今回はそこまで過激ではないものの、 教師という意外な切り口、 それもアメリカの、 いわゆる進学校ではないところの学校が舞台。 「金八先生」 に代表される日本の教師ものとはある意味似て、 しかし非なりな部分が興味深い。 教師は生徒を救う立場でありながら、 ともにこの世界を漂流する者として描かれる。 インタビューのカットで、 教師だけにはなりたくなかったと話す教師陣。 親が投げ出した子どもを救う役割が期待され、 そのくせ感謝すらされず、無力感と戦いながらも日夜業務を全うする。

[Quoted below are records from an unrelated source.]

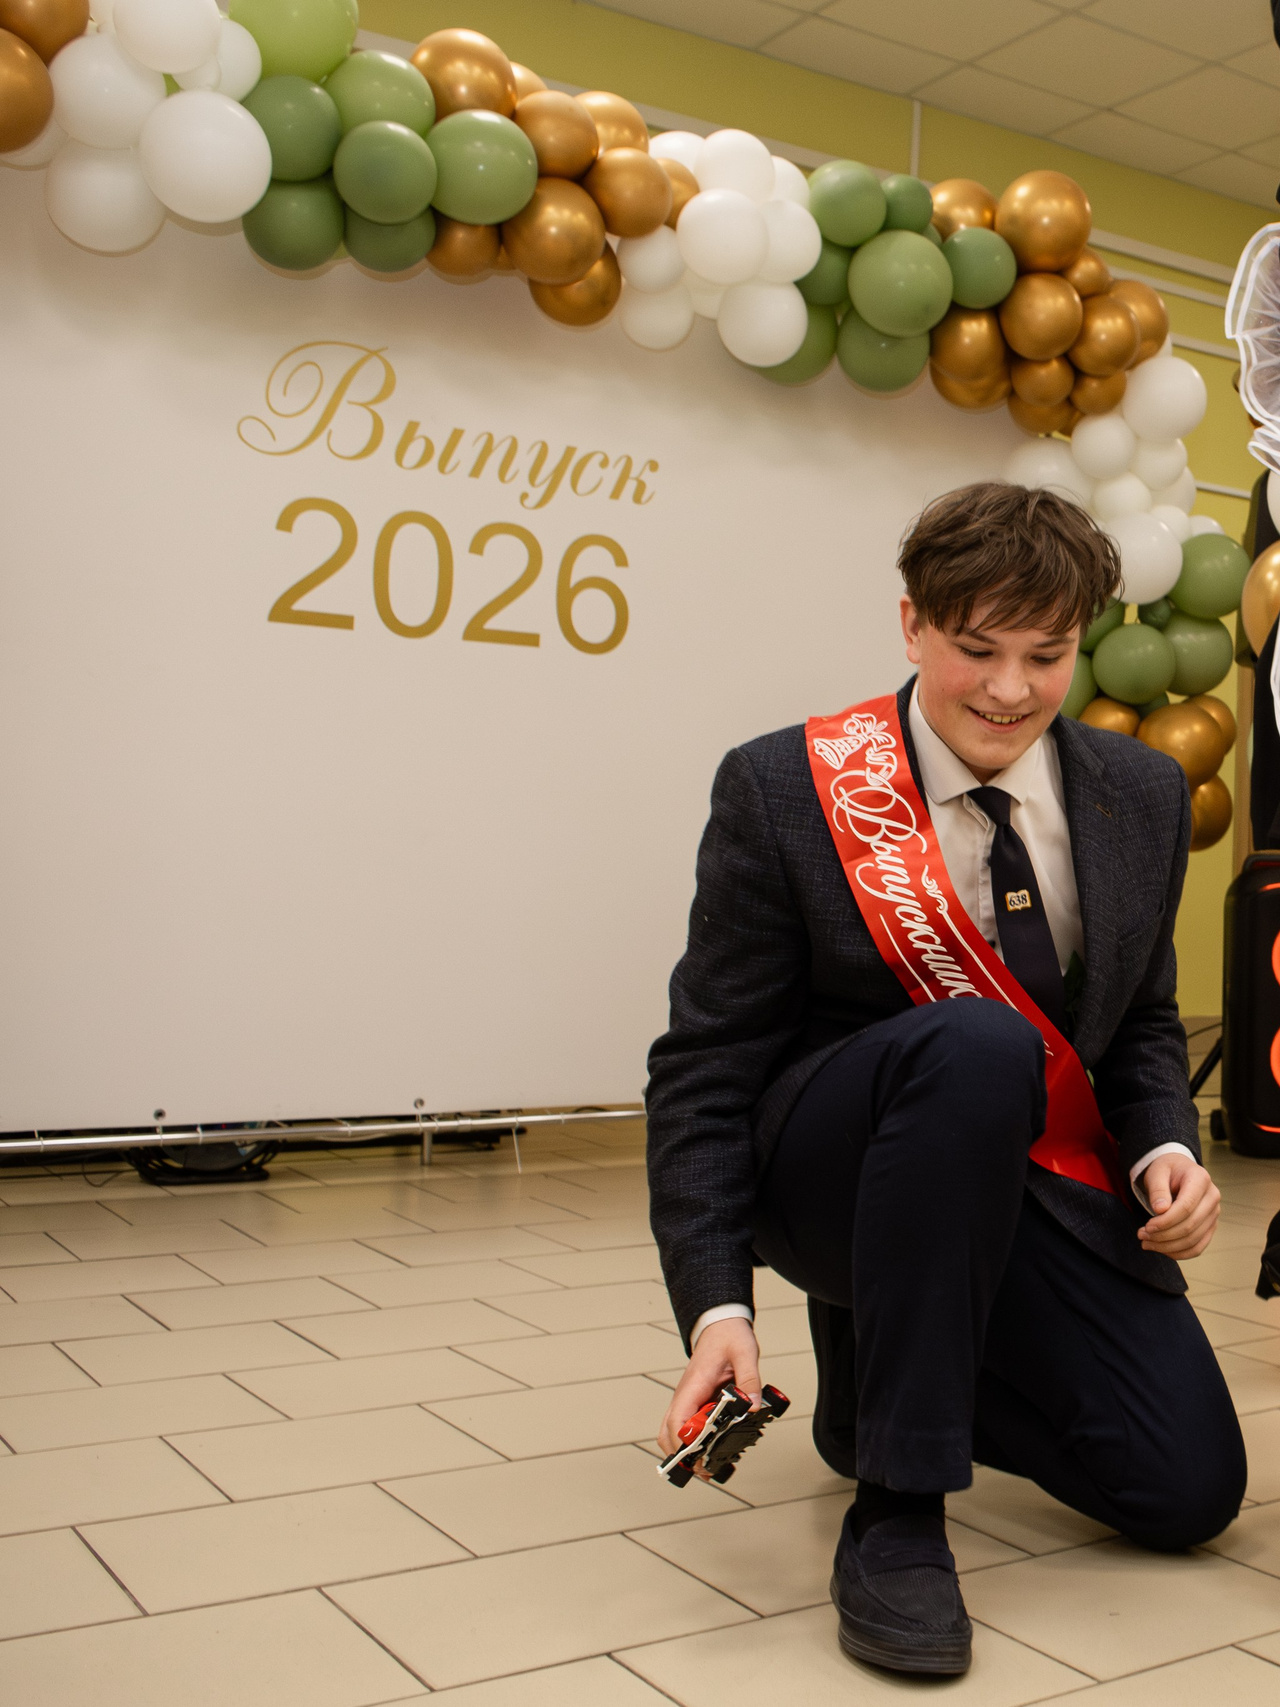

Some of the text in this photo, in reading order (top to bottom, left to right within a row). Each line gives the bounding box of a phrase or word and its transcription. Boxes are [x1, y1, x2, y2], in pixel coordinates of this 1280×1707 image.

[236, 340, 660, 511] Выпуск
[267, 496, 630, 656] 2026
[1008, 892, 1028, 907] 638
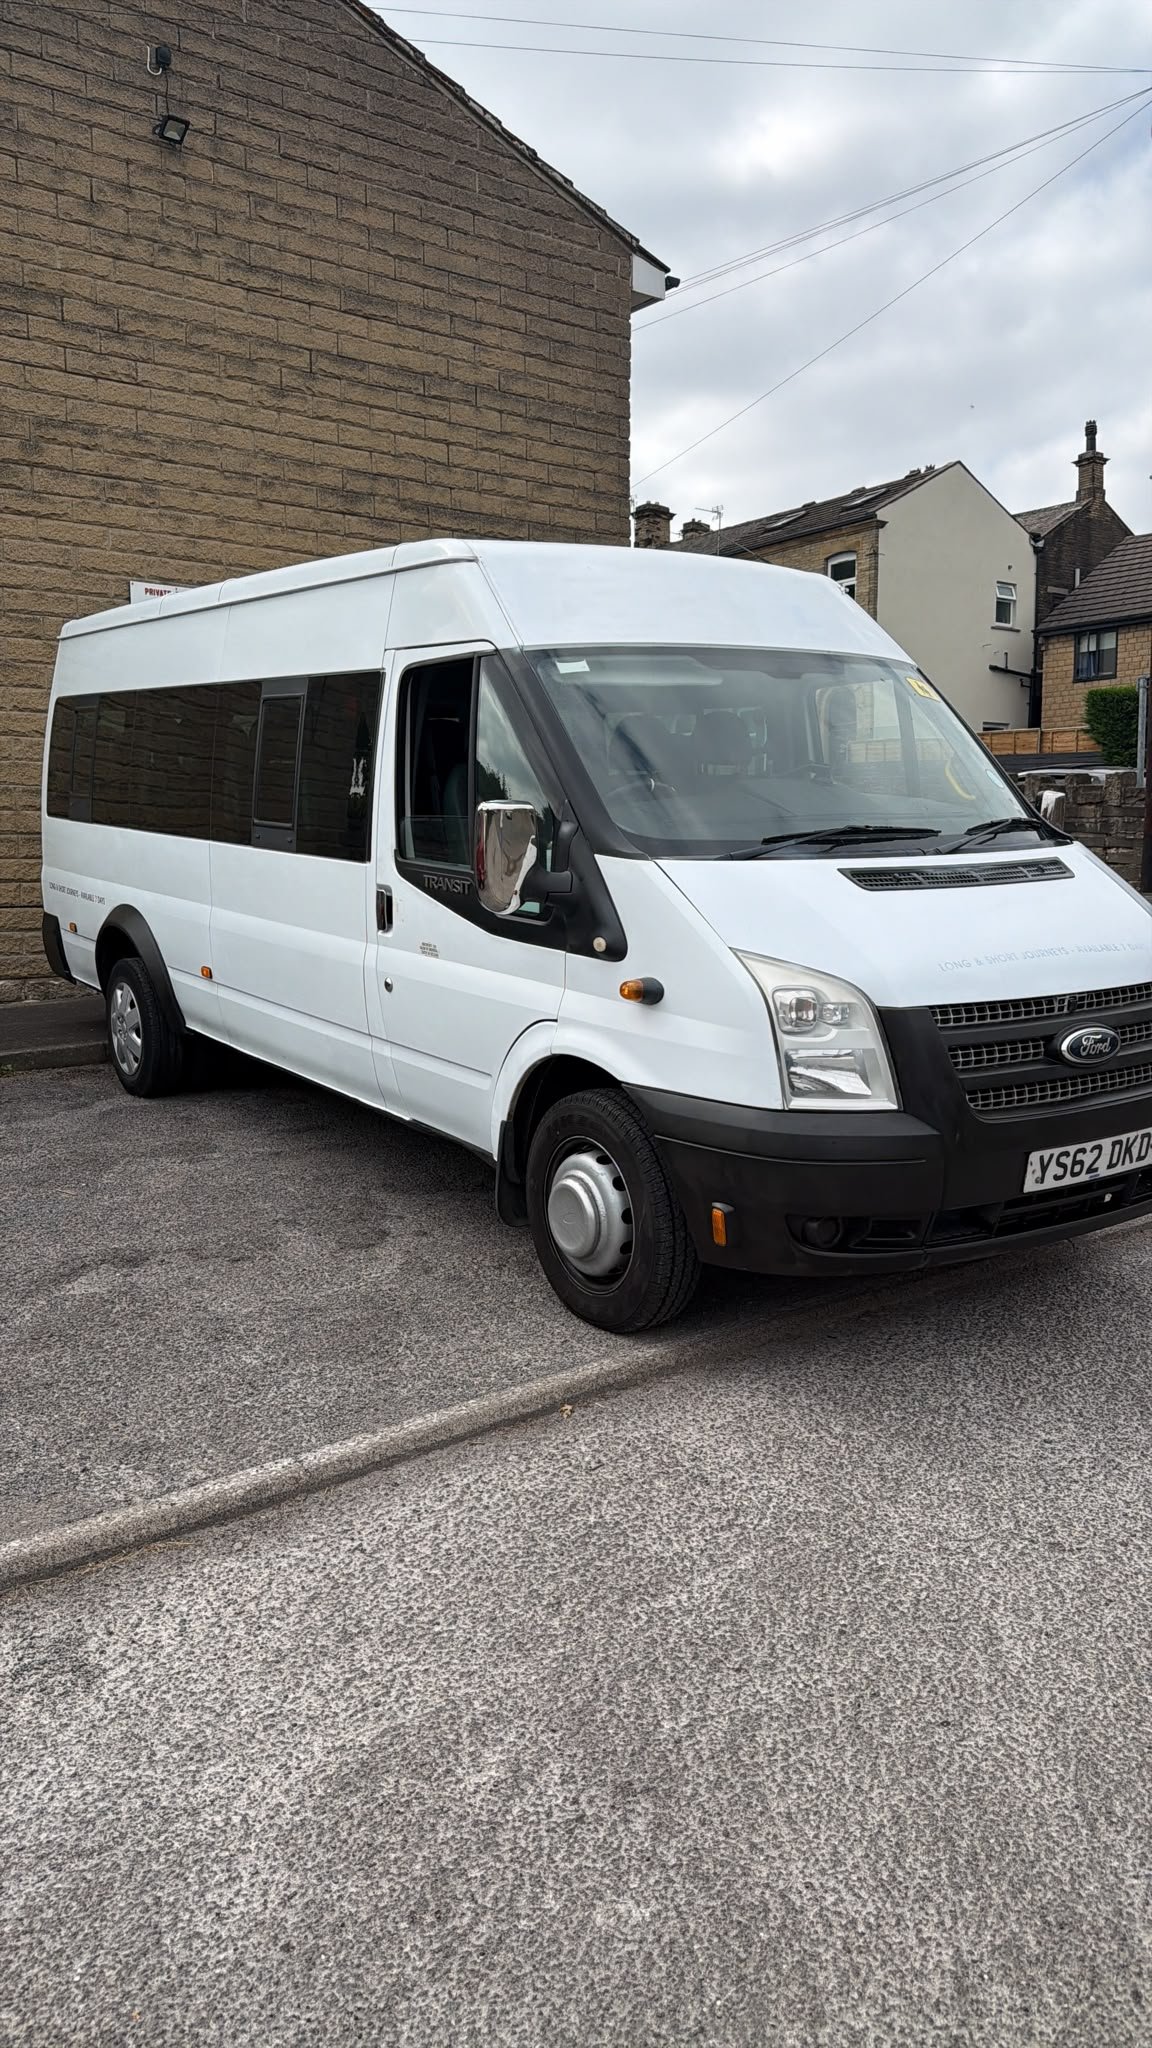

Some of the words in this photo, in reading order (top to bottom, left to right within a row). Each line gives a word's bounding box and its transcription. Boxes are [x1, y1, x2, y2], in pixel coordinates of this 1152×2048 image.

[423, 874, 470, 895] TRANSIT
[938, 959, 972, 972] LONG
[974, 958, 984, 967] &
[985, 952, 1019, 965] SHORT
[1022, 946, 1070, 961] JOURNEYS
[1077, 943, 1120, 954] AVAILABLE
[1080, 1034, 1111, 1056] Ford
[1038, 1143, 1103, 1184] YS62
[1106, 1132, 1151, 1170] DKD
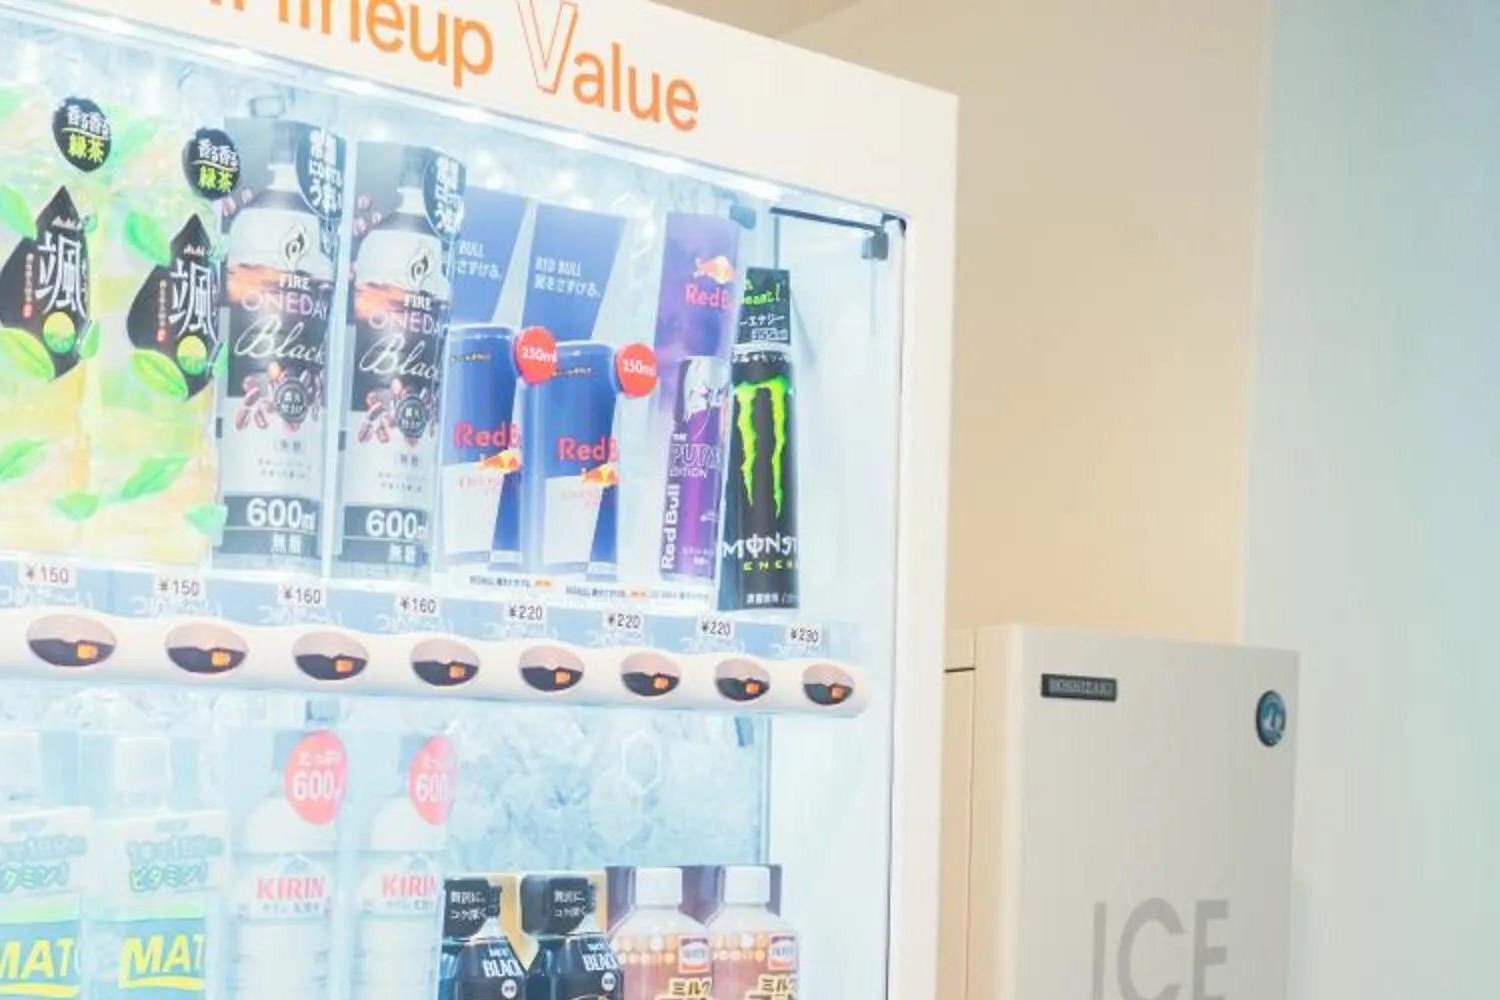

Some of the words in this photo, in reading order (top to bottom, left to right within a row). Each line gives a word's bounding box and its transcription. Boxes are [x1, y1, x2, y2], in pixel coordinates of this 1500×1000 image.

[517, 0, 700, 132] Value
[36, 232, 88, 317] 颯
[279, 273, 310, 291] FIRE
[169, 259, 219, 343] 颯
[403, 294, 432, 311] FIRE
[248, 498, 316, 531] 600ml
[25, 565, 70, 586] ¥150
[157, 579, 200, 597] ¥150
[256, 874, 326, 900] KIRIN

日本の学校はここまでシリアスになってないとは想像するが、 先生が気楽な職業でなくなる日もそう遠くはない気がする。 自分が中高生の頃は日本の学校にさまざまな反発を覚えて、 映画で見るアメリカの学園生活に憧れたりしたものだが、 それも幻想にすぎなかったのかもしれない。 目の前で人生を棒に振る子どもたちを見続けてキレるルーシー・リューなどもかなりの迫力。
“複雑な世の中を子どもたちが理解する助けになれば・・” “向上心を持てば未来が開けると信じさせる・・” などのセリフは教師ものの行き着く先としてリアルに響く。 その時点で作品は単なる教師ものを抜け出て、 この世界を憂う生真面目な作品であることがわかる。 しかし絶望だけが置かれるわけではなく “とりあえずこの状況を乗り切ったら上手くいく・・” などと語る楽観主義も傍らには置かれている。
そりゃそうだよな、 自分たちが作ったわけでもない世界を、 憂いてばかりはいられない。 自分たちが行ってきた悲劇的な選択も、 振り返ればそれこそが青春、 私の人生というわけだ。 だからむしろ、 この映画のメンタルな部分はさらっと流し、 やる気のない子どもとどう付き合うかというテクニカルな部分をしっかり見たほうが、 自分の今を "とりあえず乗り切る" のにも役立つだろう。 現実に教師をやっている人、 あるいは教師を志望している人は見ない方がいいのかもしれない^ ^ エントリータイトルはブロディ先生の授業より。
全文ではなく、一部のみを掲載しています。